**DESCRIPTION OF THE TASK**
Set down each line of the data below exactly as it stands, dropping the pictures.

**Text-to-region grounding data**
------
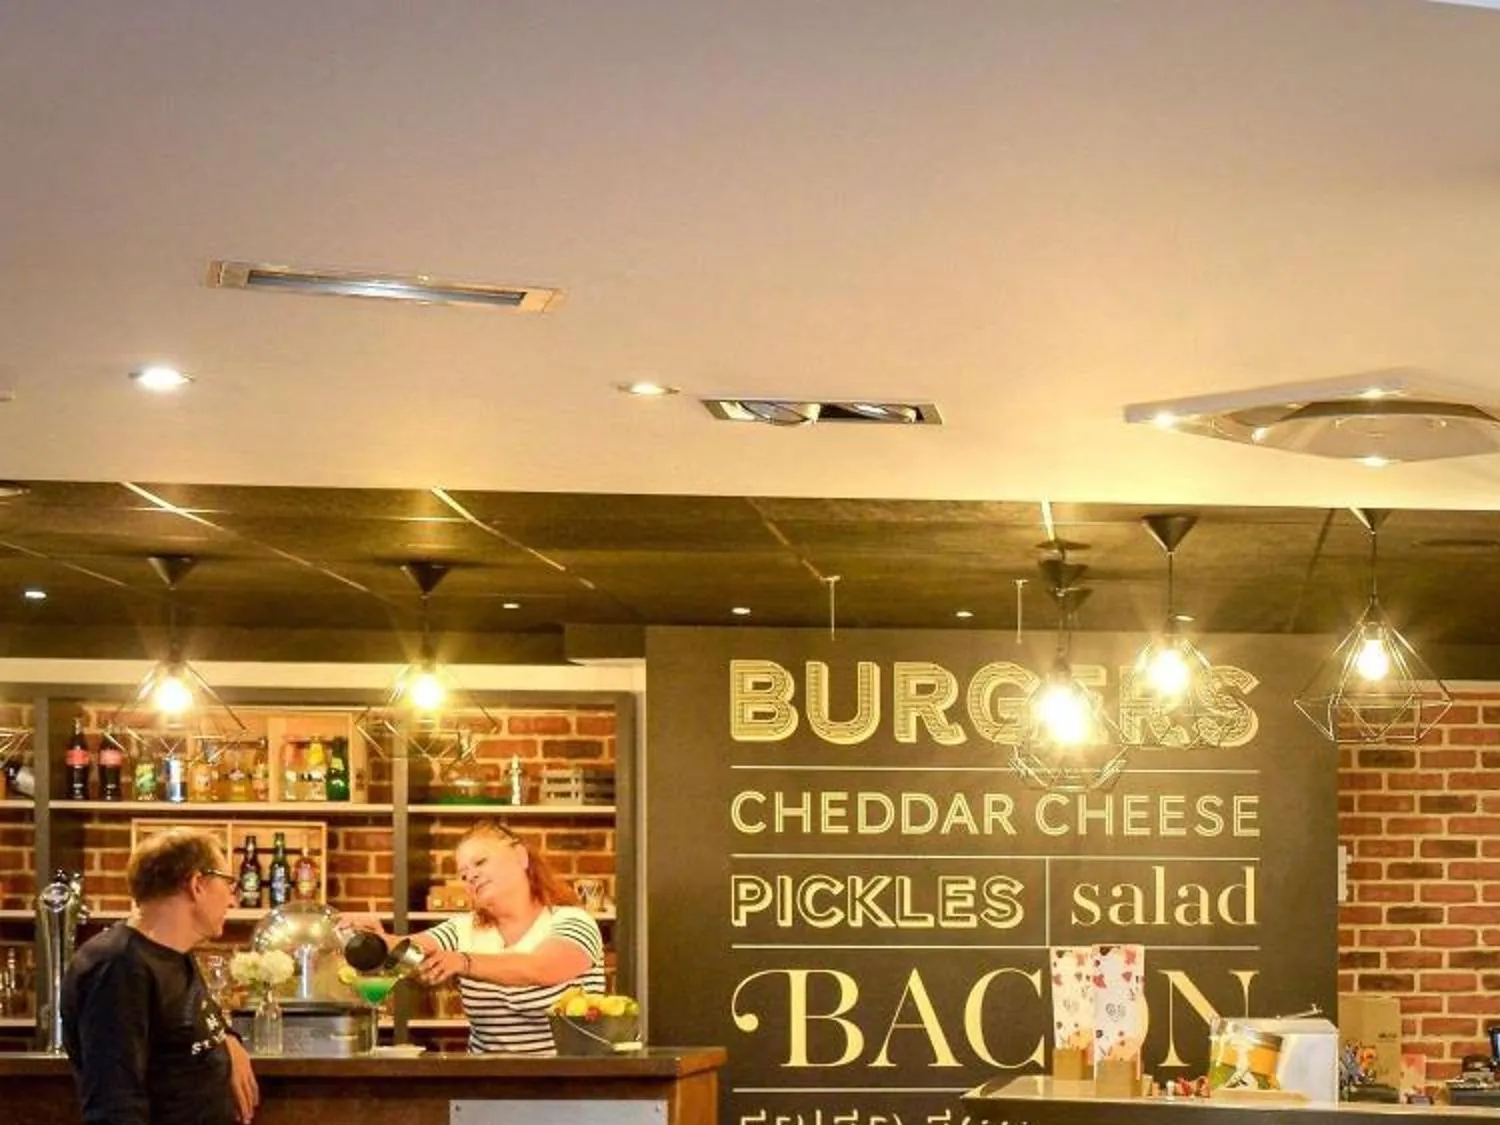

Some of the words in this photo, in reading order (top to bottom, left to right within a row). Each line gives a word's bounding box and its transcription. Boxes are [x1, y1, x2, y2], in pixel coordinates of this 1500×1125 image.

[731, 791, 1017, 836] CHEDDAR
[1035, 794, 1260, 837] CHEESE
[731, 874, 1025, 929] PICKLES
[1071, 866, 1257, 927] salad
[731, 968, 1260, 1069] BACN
------
**SOLUTION FOR THIS EXERCISE**
Some of the words in this photo, in reading order (top to bottom, left to right within a row). Each line gives a word's bounding box and its transcription. Boxes are [x1, y1, x2, y2], in pixel coordinates of this 1500×1125 image.

[731, 791, 1017, 836] CHEDDAR
[1035, 794, 1260, 837] CHEESE
[731, 874, 1025, 929] PICKLES
[1071, 866, 1257, 927] salad
[731, 968, 1260, 1069] BACN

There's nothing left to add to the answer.